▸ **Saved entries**

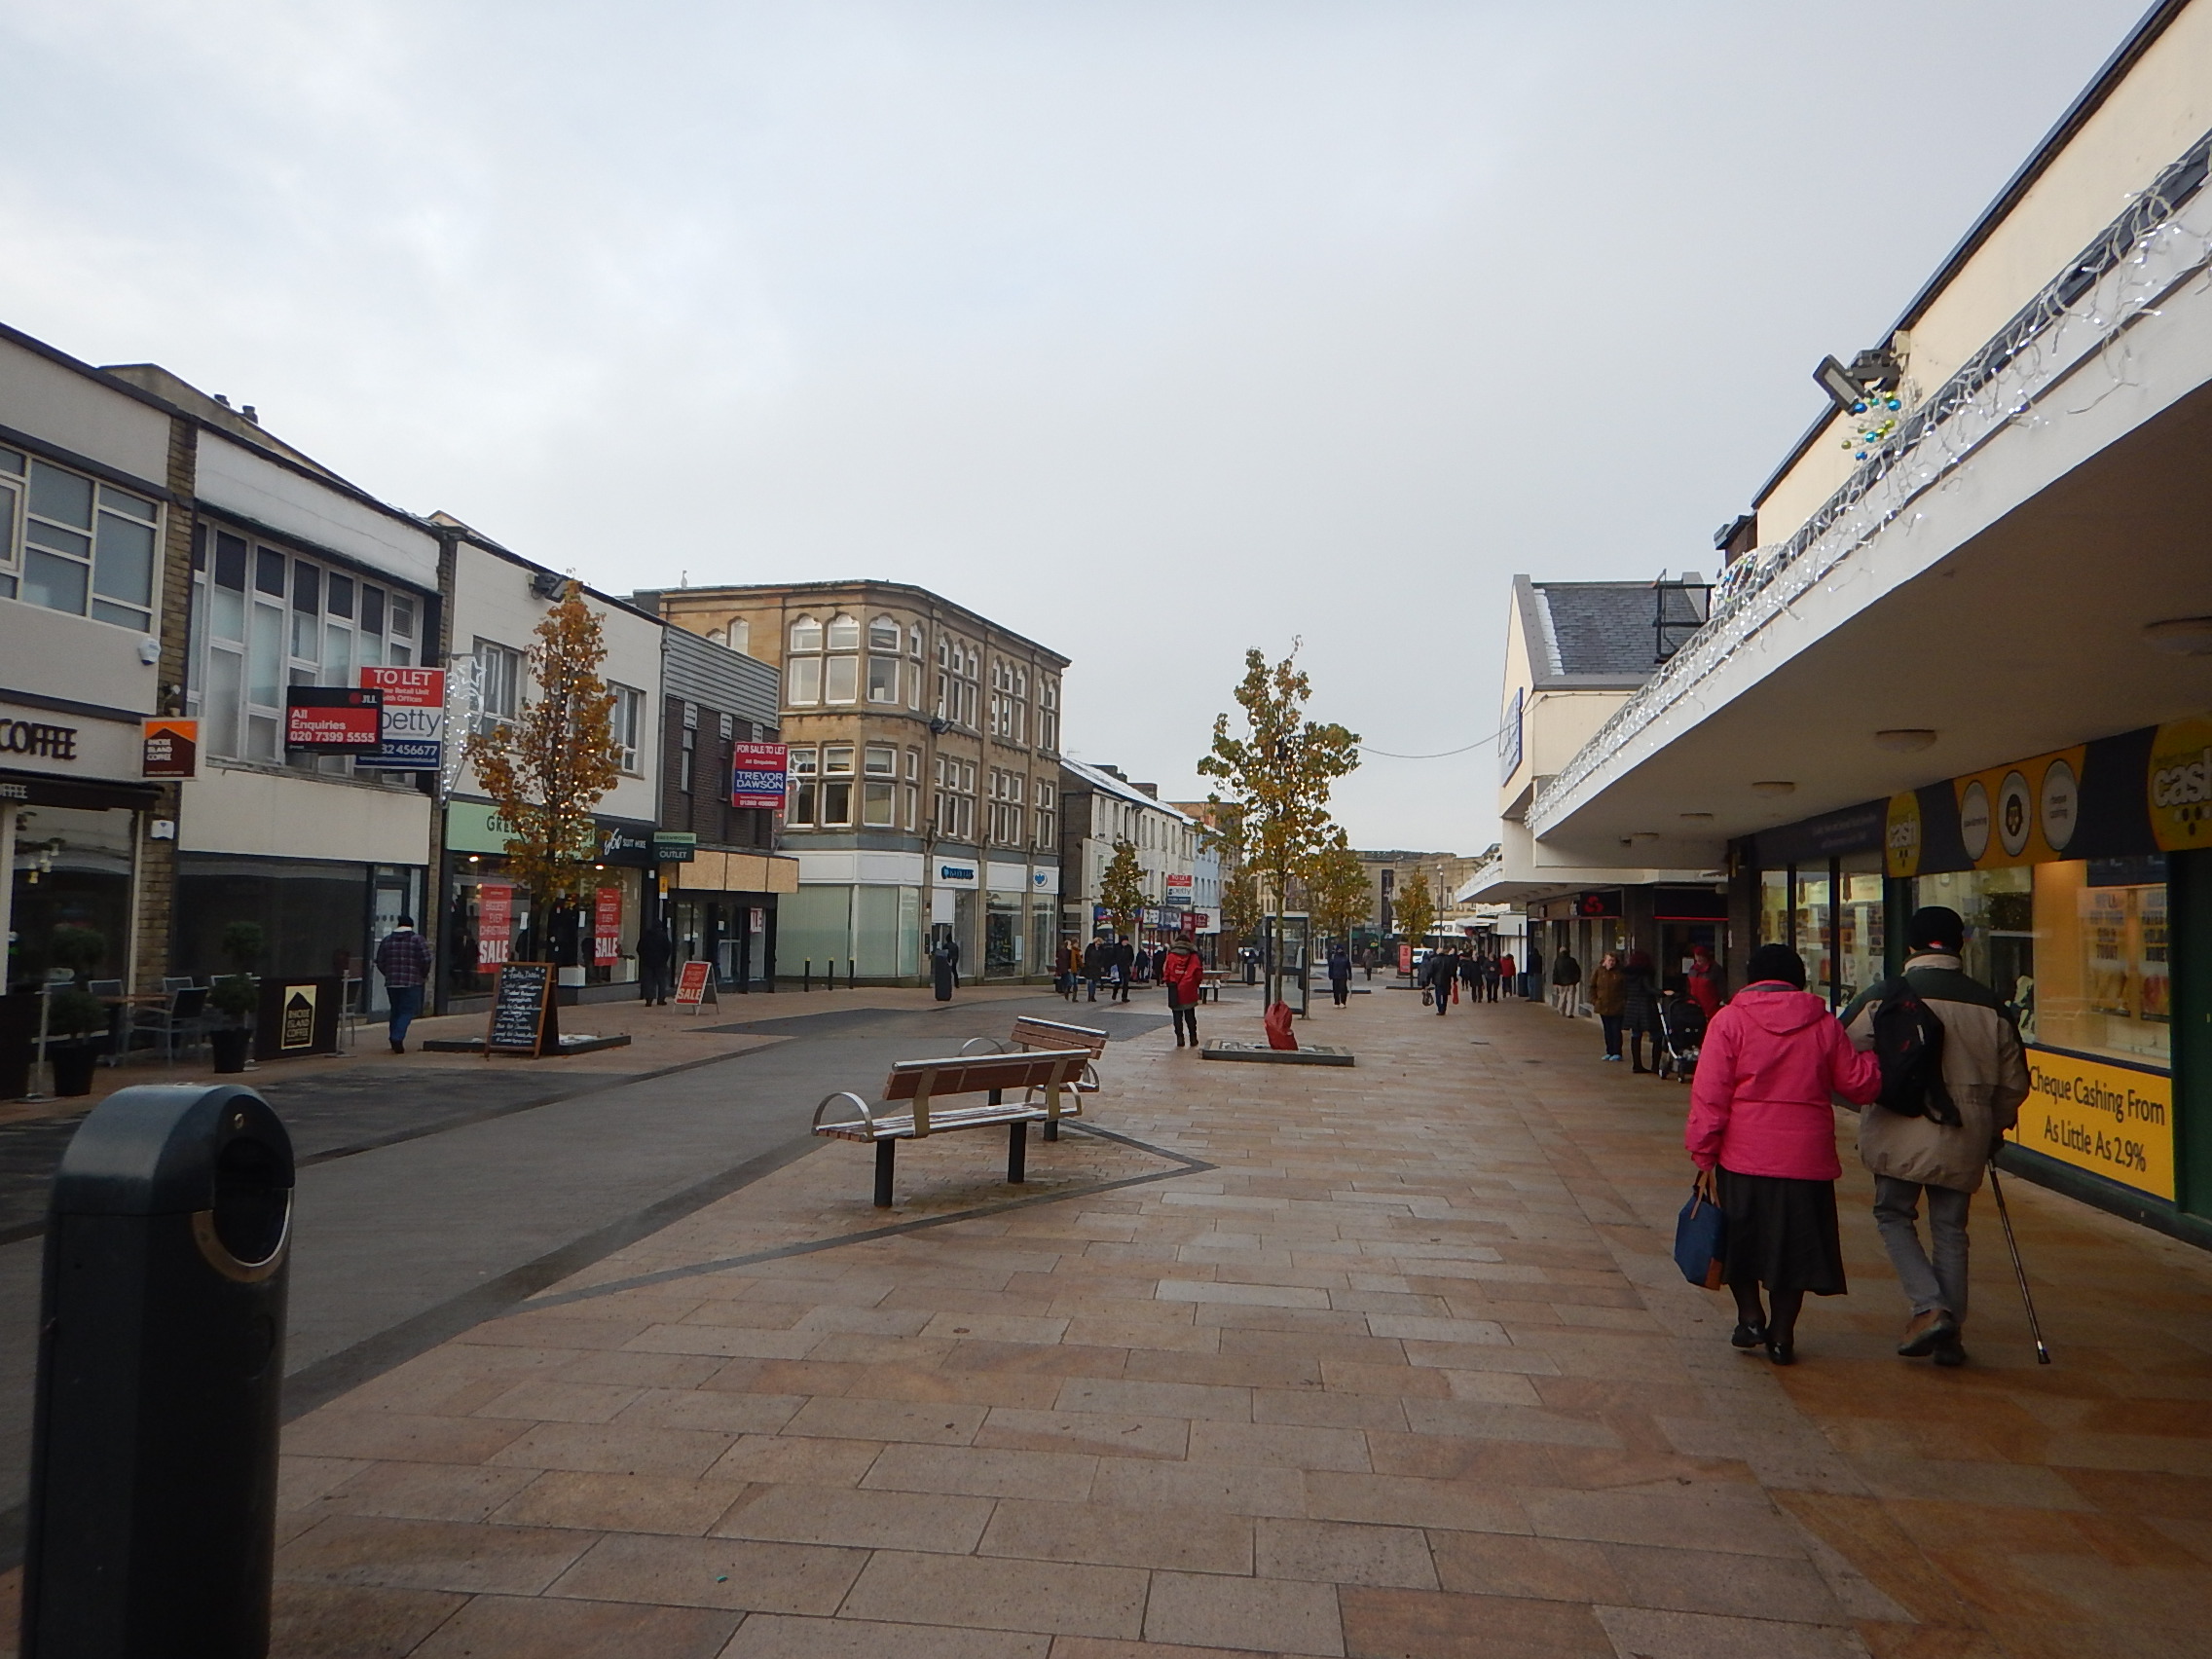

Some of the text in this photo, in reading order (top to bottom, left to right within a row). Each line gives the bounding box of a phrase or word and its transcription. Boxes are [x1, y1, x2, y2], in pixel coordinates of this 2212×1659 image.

[374, 670, 432, 686] TO LET
[361, 694, 378, 704] JLL
[292, 709, 308, 719] All
[292, 719, 347, 732] Enquiries
[290, 731, 312, 742] 020
[315, 732, 344, 742] 7399
[347, 732, 376, 744] 5555
[395, 744, 438, 756] 456677
[736, 745, 786, 756] FOR SALE TO LET
[736, 771, 784, 782] TREVOR
[736, 779, 784, 790] DAWSON
[659, 850, 687, 859] OUTLET
[479, 940, 509, 964] SALE
[595, 937, 618, 958] SALE
[677, 988, 702, 1000] SALE
[2029, 1065, 2165, 1126] Cheque Cashing From
[2044, 1115, 2148, 1173] As Little As 2.9%

▸ **REQUIREMENT**
Pictures aside, retype the entries above exactly as they are.

▸ **ANSWER**
Some of the text in this photo, in reading order (top to bottom, left to right within a row). Each line gives the bounding box of a phrase or word and its transcription. Boxes are [x1, y1, x2, y2], in pixel coordinates of this 2212×1659 image.

[374, 670, 432, 686] TO LET
[361, 694, 378, 704] JLL
[292, 709, 308, 719] All
[292, 719, 347, 732] Enquiries
[290, 731, 312, 742] 020
[315, 732, 344, 742] 7399
[347, 732, 376, 744] 5555
[395, 744, 438, 756] 456677
[736, 745, 786, 756] FOR SALE TO LET
[736, 771, 784, 782] TREVOR
[736, 779, 784, 790] DAWSON
[659, 850, 687, 859] OUTLET
[479, 940, 509, 964] SALE
[595, 937, 618, 958] SALE
[677, 988, 702, 1000] SALE
[2029, 1065, 2165, 1126] Cheque Cashing From
[2044, 1115, 2148, 1173] As Little As 2.9%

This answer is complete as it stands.